- _WHAT IS BEING ASKED_
The entries that follow should come back exactly, with no pictures among them.

───── DATASET EXTRACT ─────

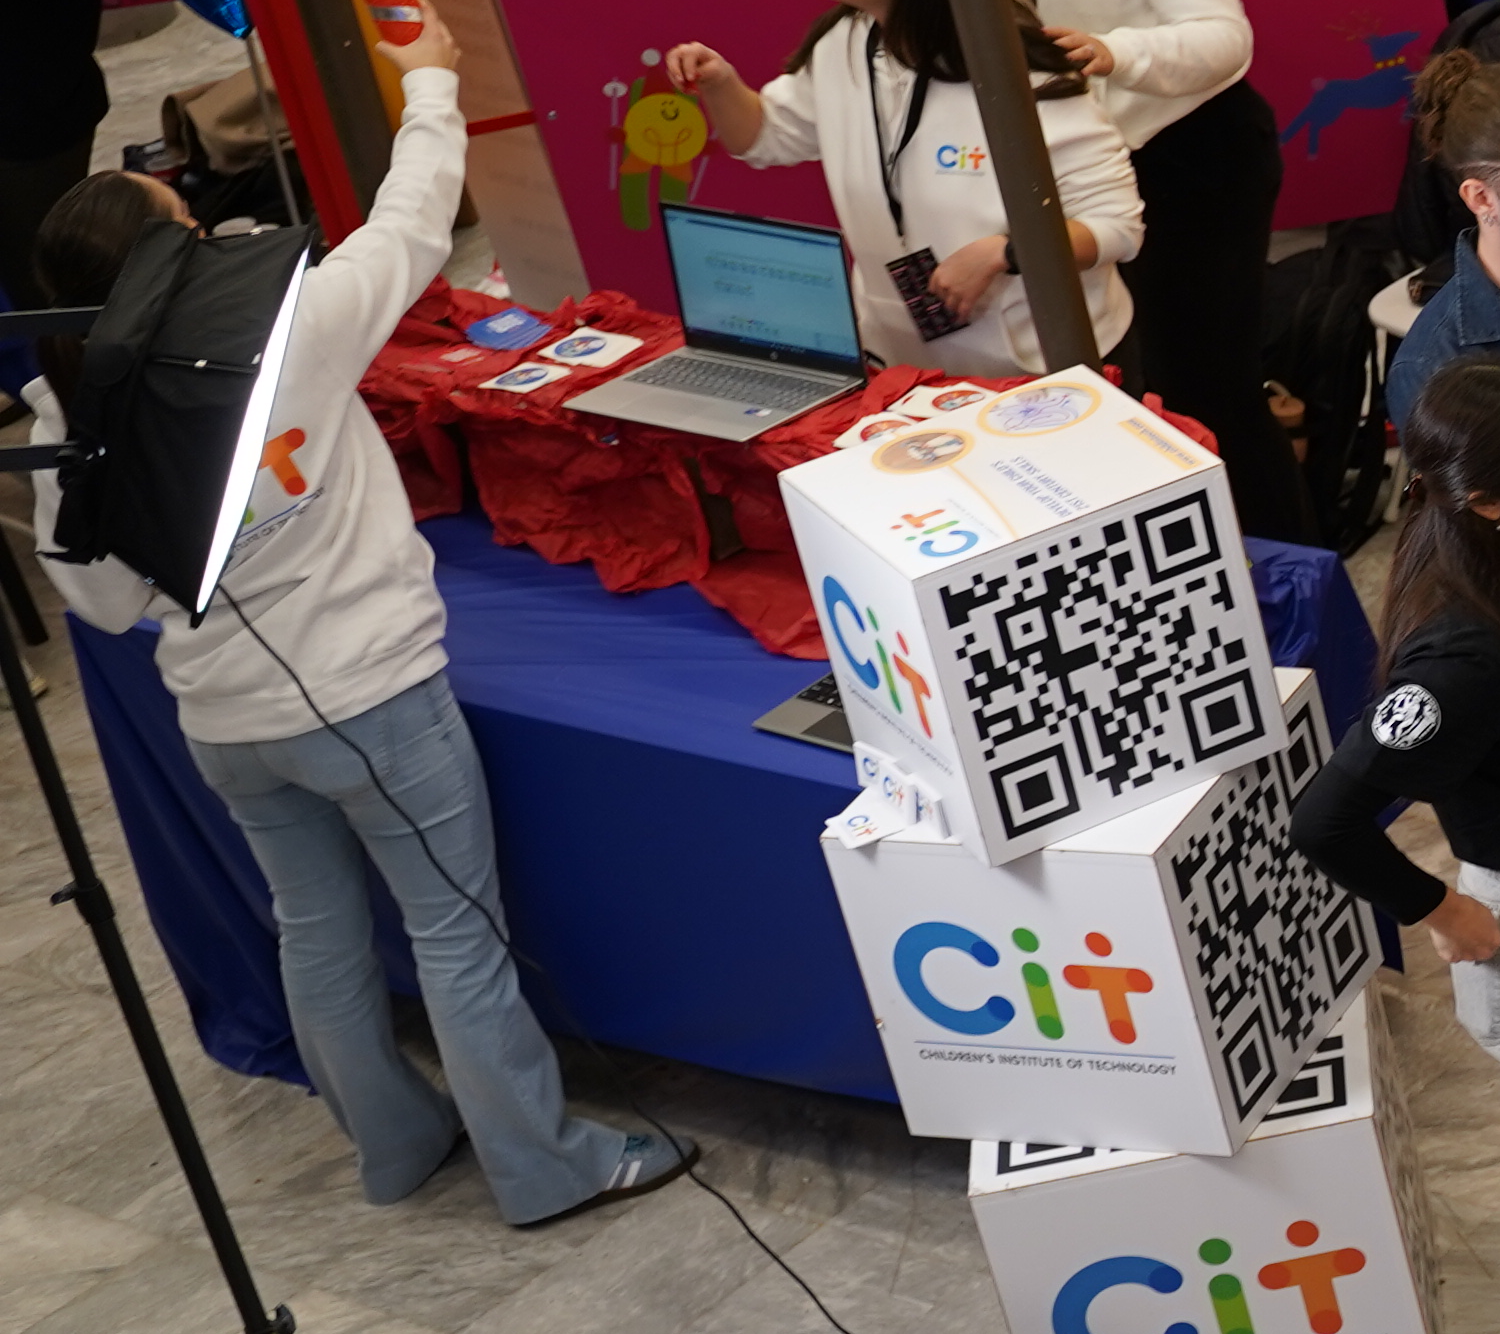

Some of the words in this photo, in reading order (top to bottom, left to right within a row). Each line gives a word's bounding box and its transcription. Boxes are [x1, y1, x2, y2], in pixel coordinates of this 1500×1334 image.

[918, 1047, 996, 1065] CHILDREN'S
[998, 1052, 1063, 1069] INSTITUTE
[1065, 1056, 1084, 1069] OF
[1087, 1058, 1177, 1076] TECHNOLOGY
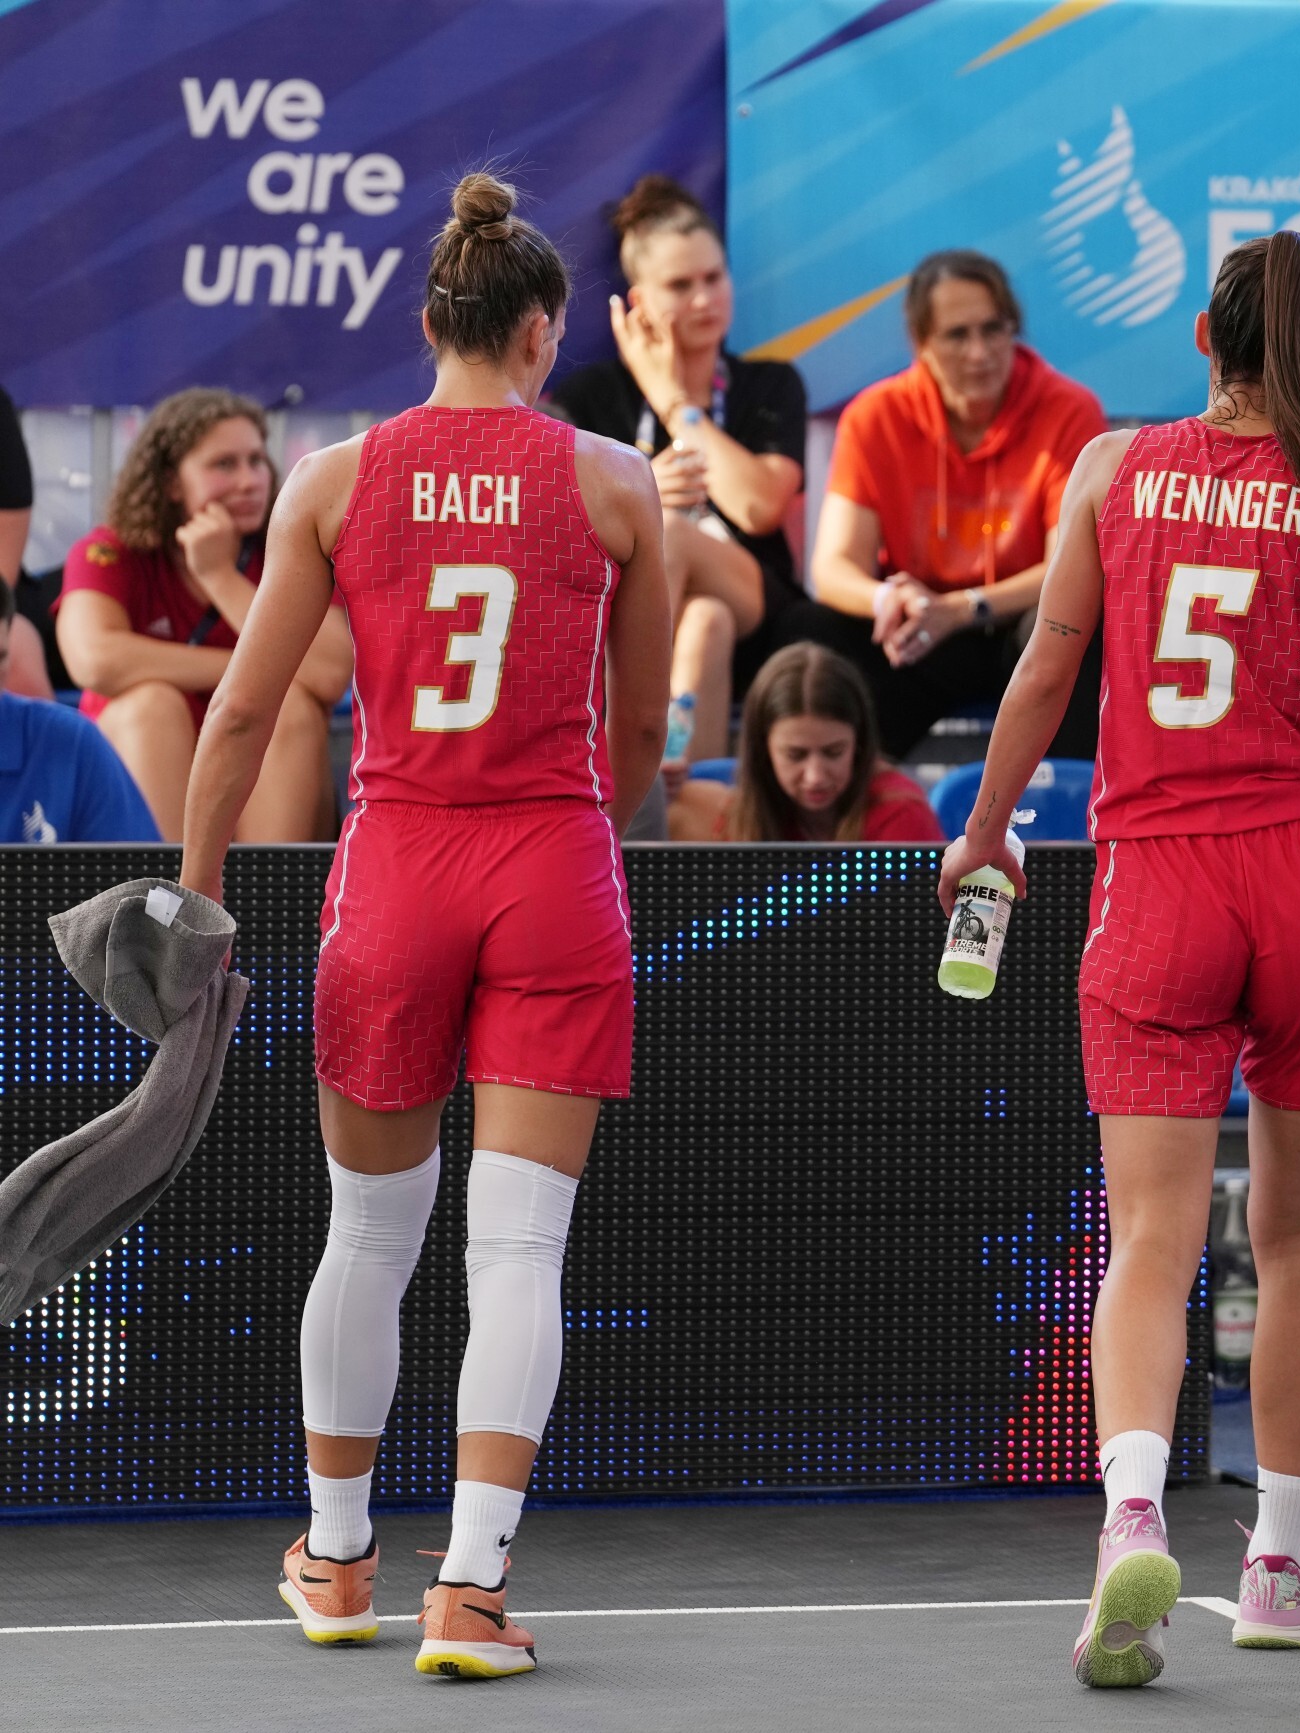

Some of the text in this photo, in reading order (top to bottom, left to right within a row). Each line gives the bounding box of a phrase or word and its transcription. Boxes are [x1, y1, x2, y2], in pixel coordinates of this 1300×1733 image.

─────

- _RESPONSE_
Some of the words in this photo, in reading order (top to bottom, left to right within a row). Each line gives a word's bounding box and its transcription. Boxes are [x1, y1, x2, y2], in pixel coordinates of this 1500×1334 image.

[918, 1047, 996, 1065] CHILDREN'S
[998, 1052, 1063, 1069] INSTITUTE
[1065, 1056, 1084, 1069] OF
[1087, 1058, 1177, 1076] TECHNOLOGY

Some of the text in this photo, in reading order (top to bottom, left to right within a row). Each line gives the bounding box of a phrase or word and its transcription. Boxes are [x1, y1, x2, y2], in pixel coordinates of this 1300×1733 image.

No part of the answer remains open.